Dataset entries
§
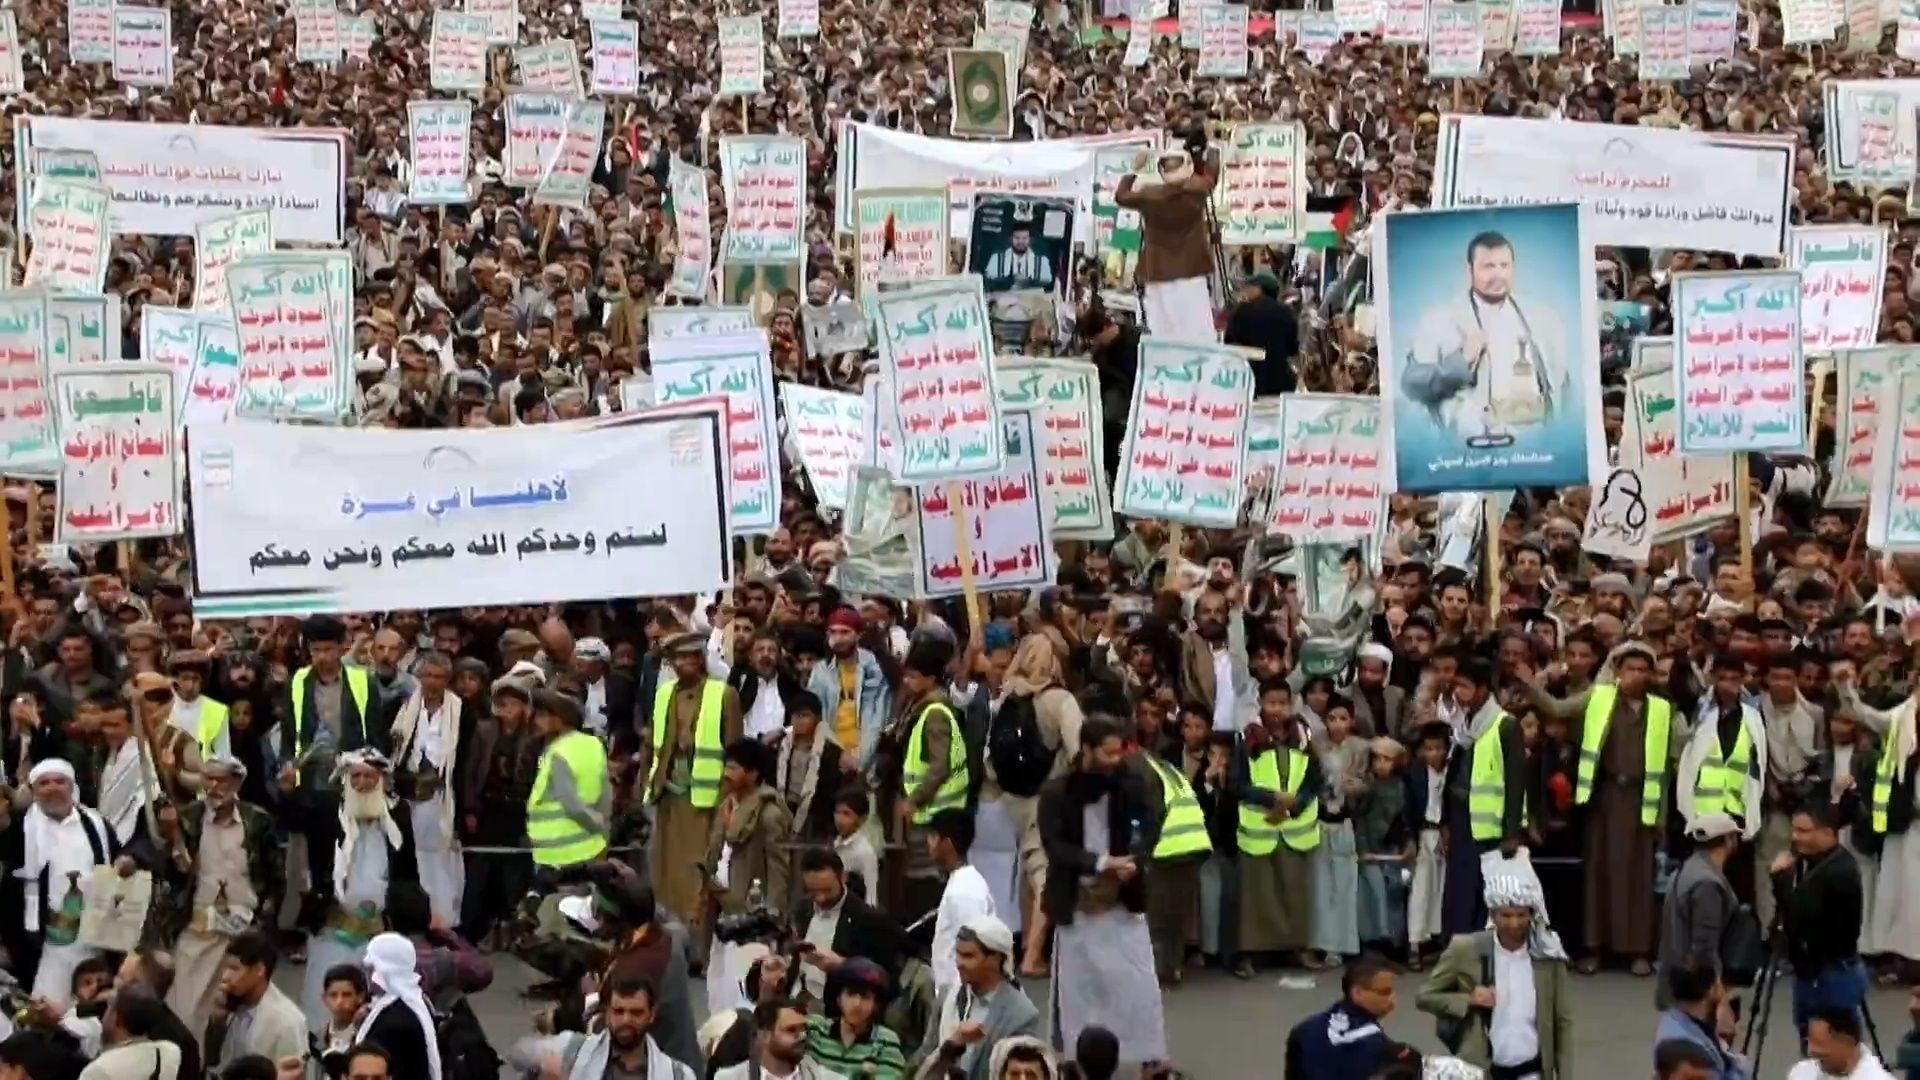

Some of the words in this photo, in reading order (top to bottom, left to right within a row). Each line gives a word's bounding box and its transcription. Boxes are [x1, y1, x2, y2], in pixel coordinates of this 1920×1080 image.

[1756, 288, 1795, 311] الله
[895, 303, 939, 343] أكبر
[946, 305, 978, 331] الله
[721, 366, 757, 393] الله
[1049, 376, 1085, 401] الله
[1211, 368, 1246, 390] الله
[65, 380, 163, 422] قاطعوا
[426, 486, 462, 516] في
[391, 535, 455, 568] معكم
[467, 532, 507, 558] الله
[516, 526, 597, 561] وحدكم
[605, 522, 668, 556] لستم
[248, 540, 312, 574] معكم
[322, 540, 384, 571] ونحن
§
# Required work:
The answer must reproduce every line of the records above exactly, with all pictures left out.

# Response to the exercise:
Some of the words in this photo, in reading order (top to bottom, left to right within a row). Each line gives a word's bounding box and its transcription. Boxes are [x1, y1, x2, y2], in pixel coordinates of this 1920×1080 image.

[1756, 288, 1795, 311] الله
[895, 303, 939, 343] أكبر
[946, 305, 978, 331] الله
[721, 366, 757, 393] الله
[1049, 376, 1085, 401] الله
[1211, 368, 1246, 390] الله
[65, 380, 163, 422] قاطعوا
[426, 486, 462, 516] في
[391, 535, 455, 568] معكم
[467, 532, 507, 558] الله
[516, 526, 597, 561] وحدكم
[605, 522, 668, 556] لستم
[248, 540, 312, 574] معكم
[322, 540, 384, 571] ونحن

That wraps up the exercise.